*The task:*
Print only the lines running from the line with "this 2048×1536 image." to the final line below, both included, exactly as written and without the pictures.

───── Material provided ─────

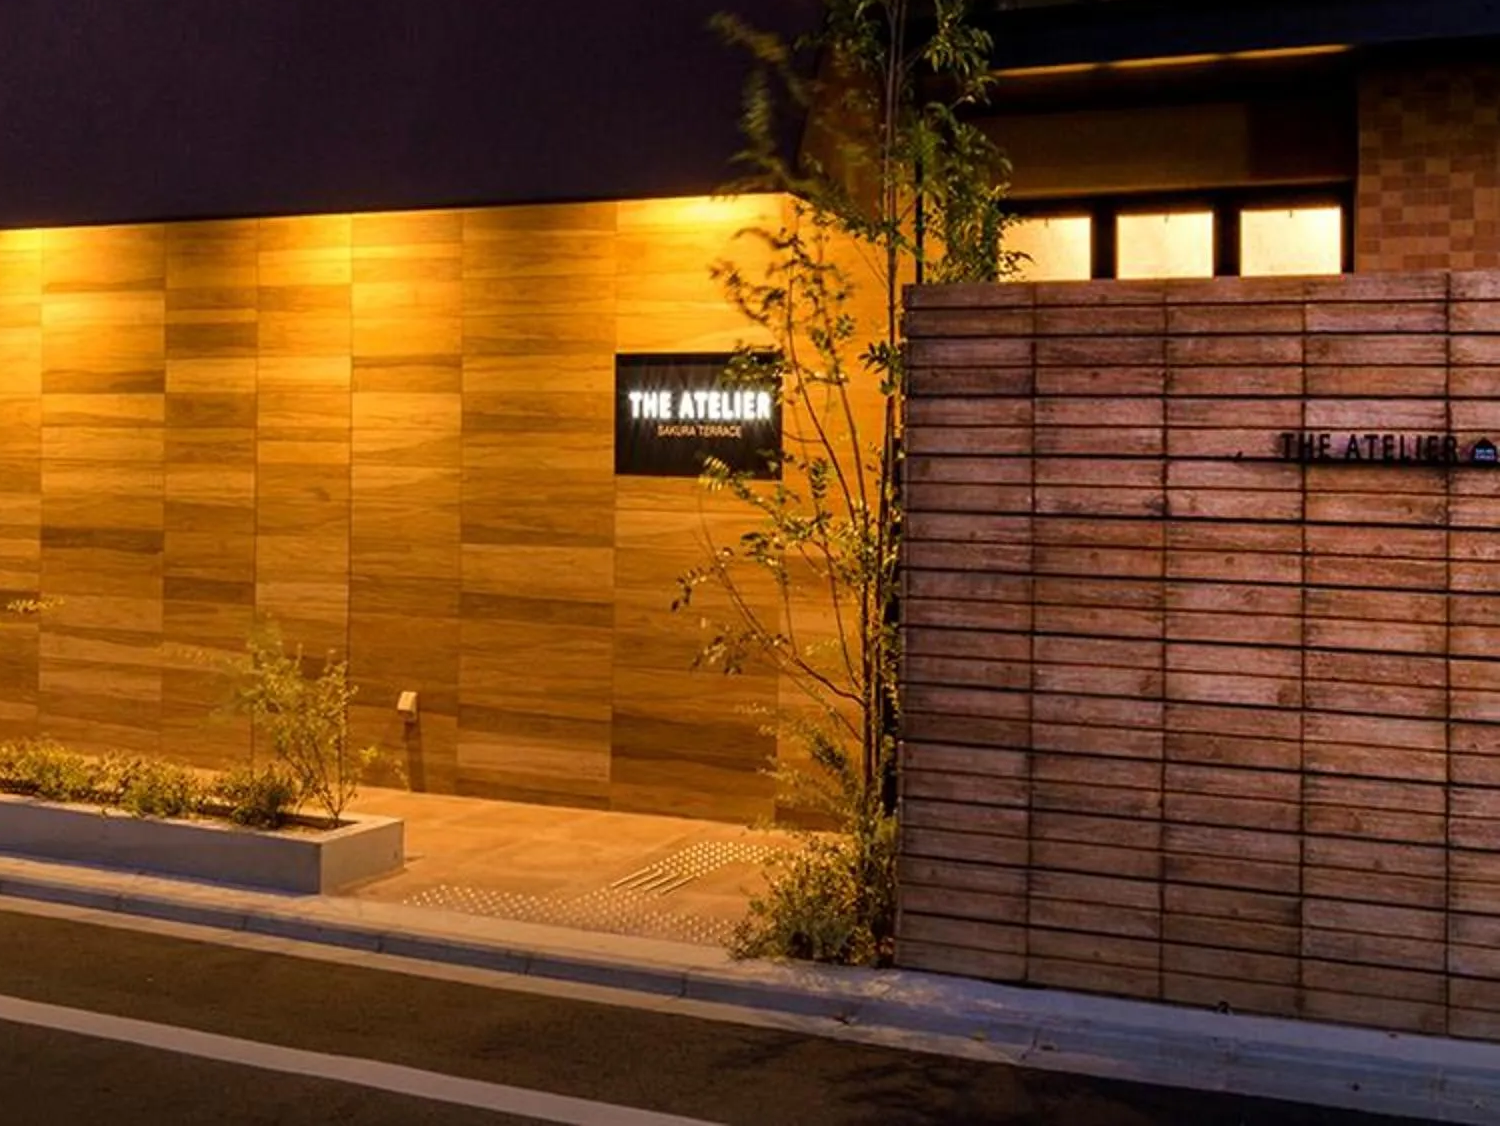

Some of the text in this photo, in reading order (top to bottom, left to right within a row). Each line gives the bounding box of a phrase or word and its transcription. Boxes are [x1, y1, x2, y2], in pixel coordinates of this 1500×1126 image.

[628, 390, 773, 420] THE ATELIER
[657, 425, 742, 438] SAKURA TERRACE
[1281, 433, 1331, 461] THE
[1346, 433, 1459, 464] ATELIER
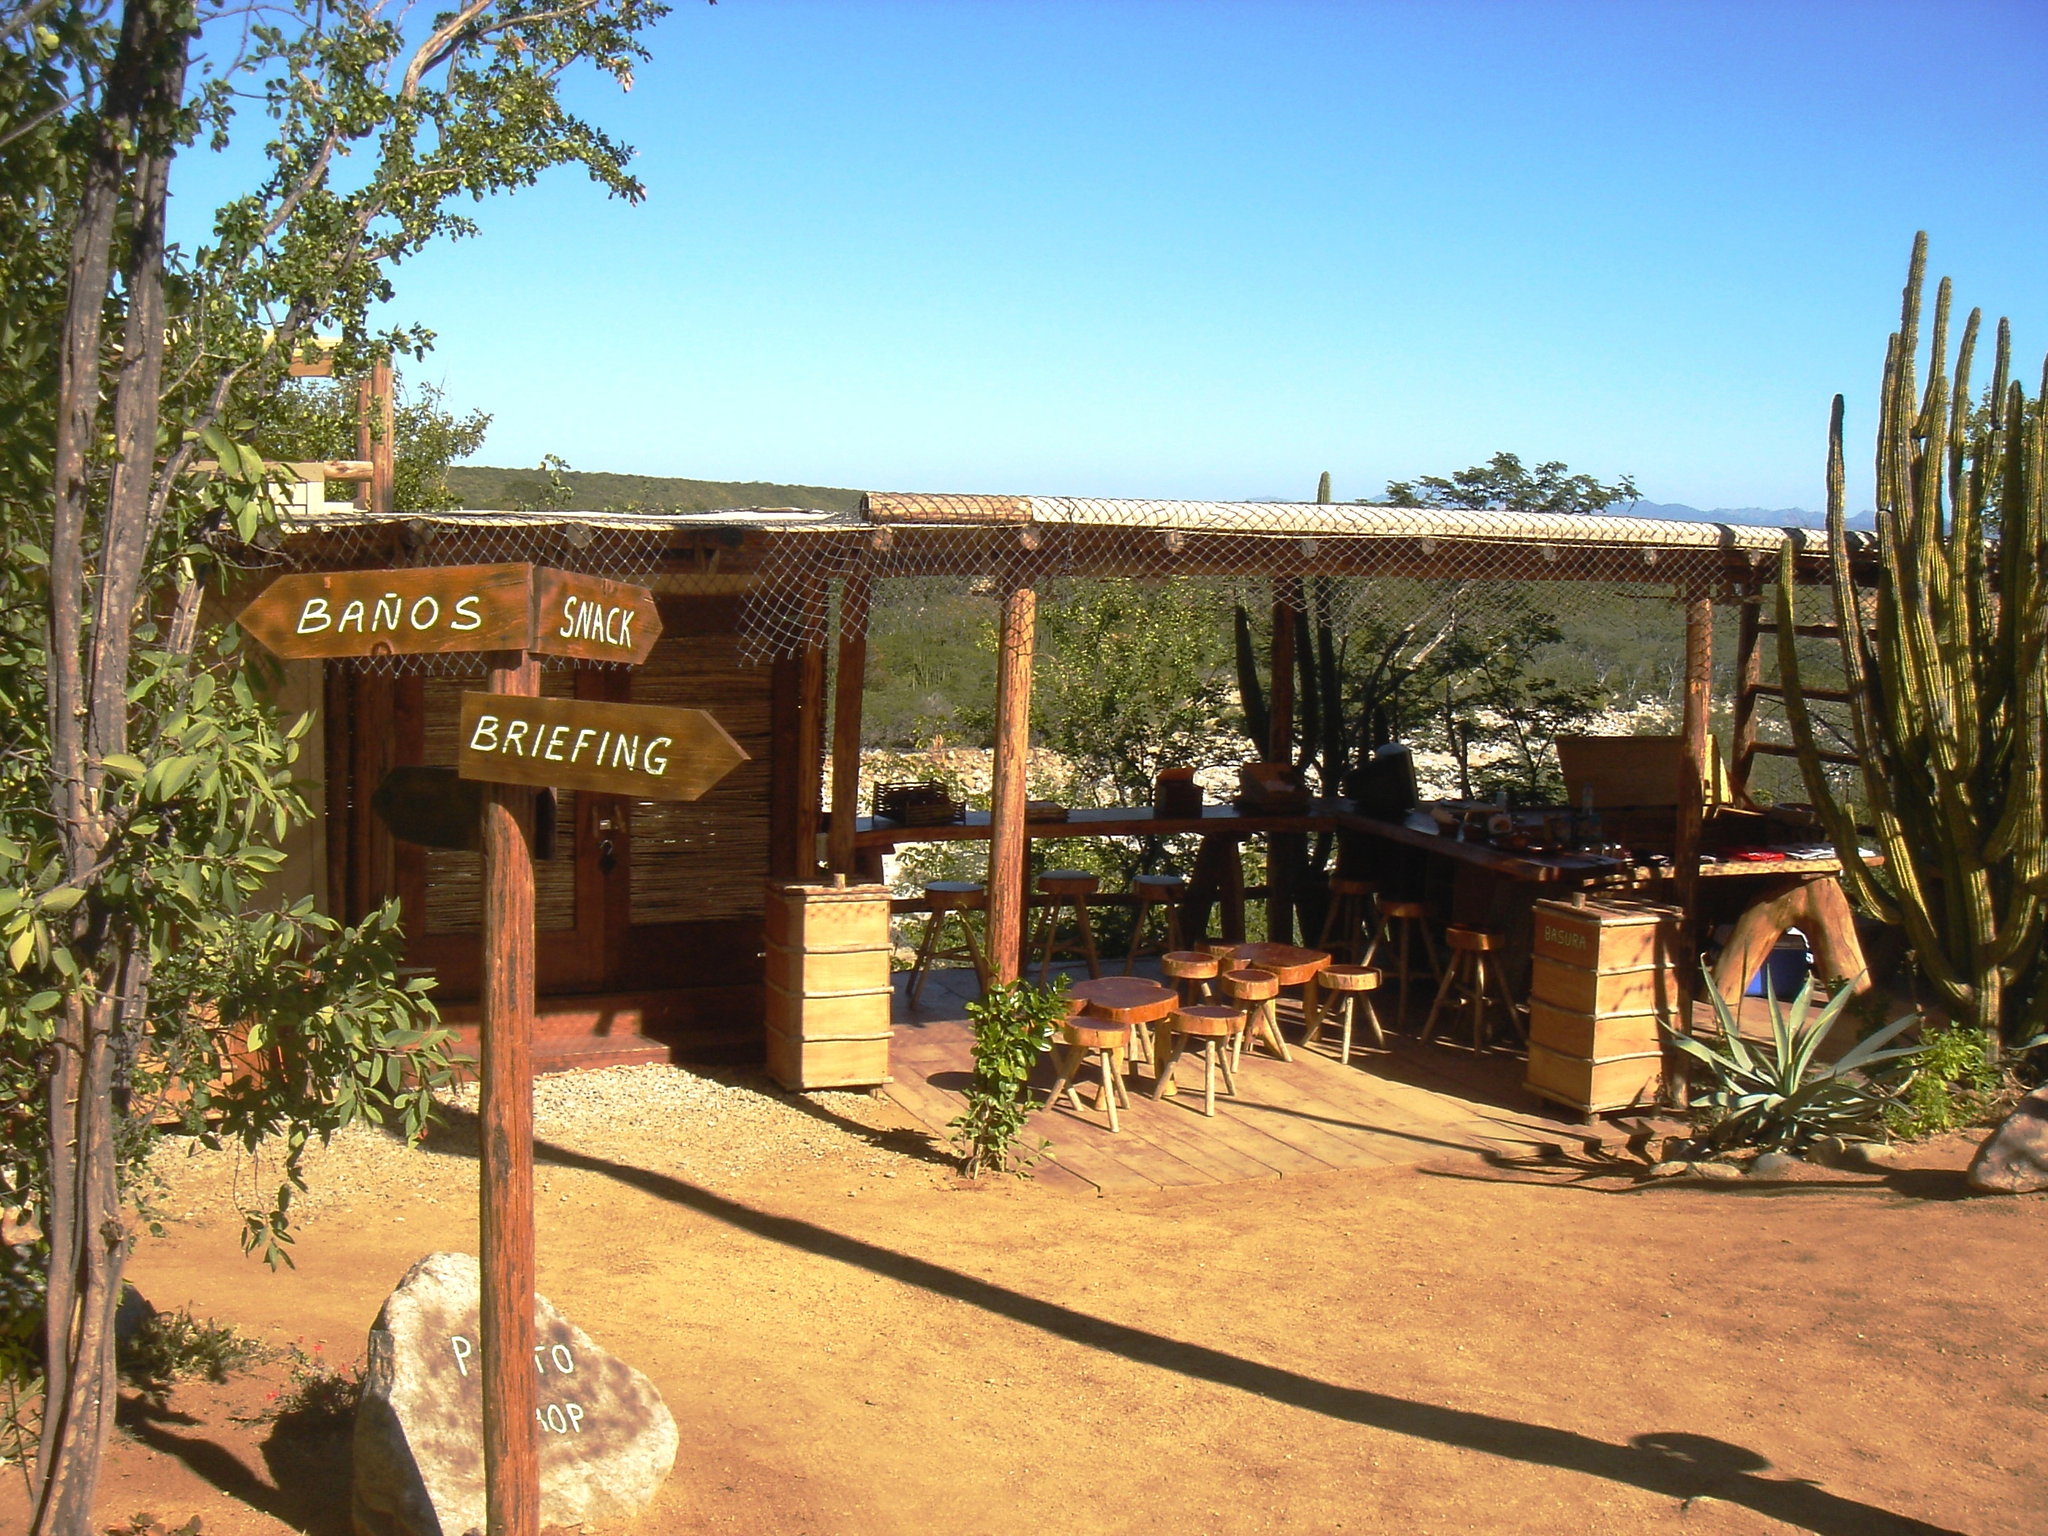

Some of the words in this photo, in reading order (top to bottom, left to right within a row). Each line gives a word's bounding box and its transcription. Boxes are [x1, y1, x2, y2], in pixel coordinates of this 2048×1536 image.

[296, 592, 482, 634] BAÑOS
[559, 594, 635, 648] SNACK
[469, 714, 672, 776] BRIEFING
[1544, 925, 1586, 949] BASURA
[451, 1335, 574, 1376] PTO
[535, 1402, 584, 1434] OP
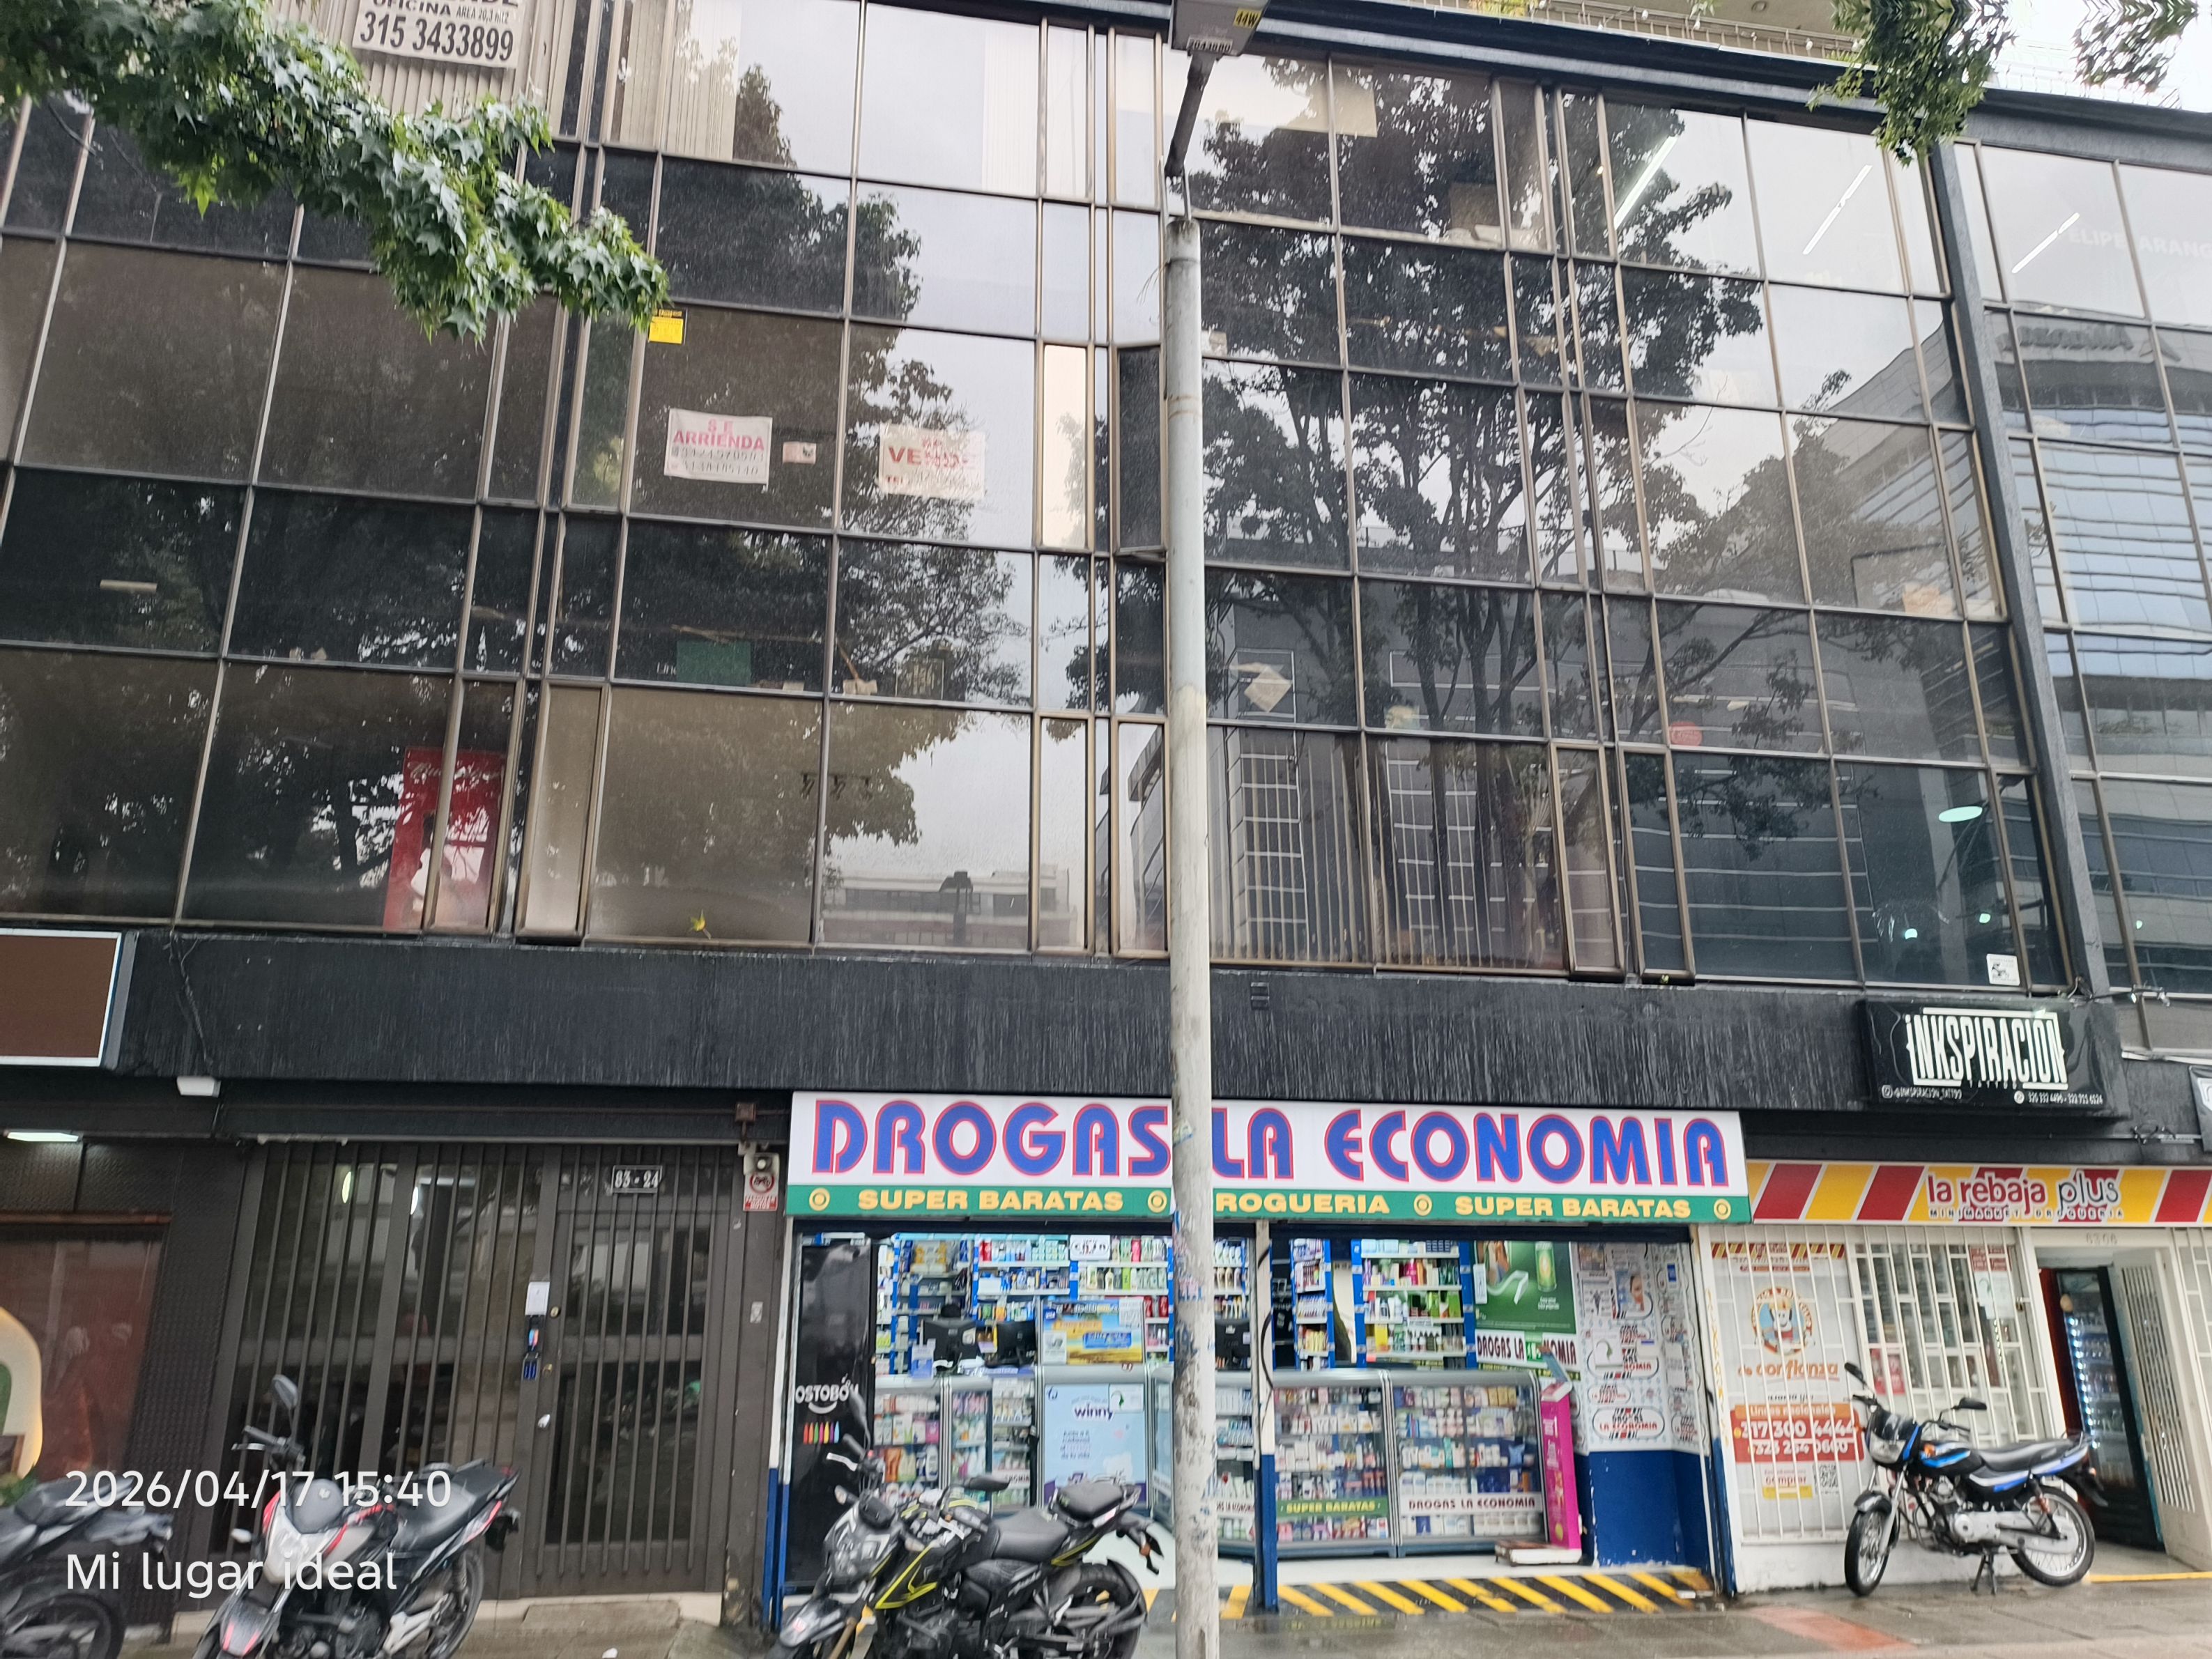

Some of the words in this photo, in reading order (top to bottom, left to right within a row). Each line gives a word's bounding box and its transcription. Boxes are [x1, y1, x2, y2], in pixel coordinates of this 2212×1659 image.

[456, 6, 476, 20] AREA
[1236, 10, 1259, 29] 44W
[360, 11, 406, 48] 315
[412, 18, 514, 61] 3433899
[673, 429, 765, 451] ARRIENDA
[811, 1099, 1171, 1176] DROGAS
[1212, 1106, 1294, 1180] LA
[1323, 1109, 1730, 1188] ECONOMIA
[857, 1189, 969, 1211] SUPER
[978, 1190, 1124, 1212] BARATAS
[1215, 1192, 1390, 1215] ROGUERIA
[1928, 1175, 1952, 1203] la
[1960, 1174, 2046, 1215] rebaja
[2058, 1173, 2119, 1214] plus
[1454, 1196, 1546, 1217] SUPER
[1562, 1198, 1691, 1219] BARATAS
[1929, 1209, 2020, 1218] MINIMARKET
[2035, 1209, 2123, 1219] DROGUERIA
[1477, 1335, 1512, 1359] DROGAS
[1514, 1337, 1525, 1361] LA
[1075, 1404, 1113, 1421] winny
[1287, 1502, 1322, 1514] SUPER
[1326, 1500, 1376, 1513] BARATAS
[1408, 1499, 1456, 1510] DROGAS
[1461, 1499, 1474, 1509] LA
[1477, 1498, 1536, 1508] ECONOMIA

─────

*Completed exercise:*
Some of the words in this photo, in reading order (top to bottom, left to right within a row). Each line gives a word's bounding box and its transcription. Boxes are [x1, y1, x2, y2], in pixel coordinates of this 2048×1536 image.

[296, 592, 482, 634] BAÑOS
[559, 594, 635, 648] SNACK
[469, 714, 672, 776] BRIEFING
[1544, 925, 1586, 949] BASURA
[451, 1335, 574, 1376] PTO
[535, 1402, 584, 1434] OP

Some of the words in this photo, in reading order (top to bottom, left to right within a row). Each line gives a word's bounding box and its transcription. Boxes are [x1, y1, x2, y2], in pixel coordinates of this 2212×1659 image.

[456, 6, 476, 20] AREA
[1236, 10, 1259, 29] 44W
[360, 11, 406, 48] 315
[412, 18, 514, 61] 3433899
[673, 429, 765, 451] ARRIENDA
[811, 1099, 1171, 1176] DROGAS
[1212, 1106, 1294, 1180] LA
[1323, 1109, 1730, 1188] ECONOMIA
[857, 1189, 969, 1211] SUPER
[978, 1190, 1124, 1212] BARATAS
[1215, 1192, 1390, 1215] ROGUERIA
[1928, 1175, 1952, 1203] la
[1960, 1174, 2046, 1215] rebaja
[2058, 1173, 2119, 1214] plus
[1454, 1196, 1546, 1217] SUPER
[1562, 1198, 1691, 1219] BARATAS
[1929, 1209, 2020, 1218] MINIMARKET
[2035, 1209, 2123, 1219] DROGUERIA
[1477, 1335, 1512, 1359] DROGAS
[1514, 1337, 1525, 1361] LA
[1075, 1404, 1113, 1421] winny
[1287, 1502, 1322, 1514] SUPER
[1326, 1500, 1376, 1513] BARATAS
[1408, 1499, 1456, 1510] DROGAS
[1461, 1499, 1474, 1509] LA
[1477, 1498, 1536, 1508] ECONOMIA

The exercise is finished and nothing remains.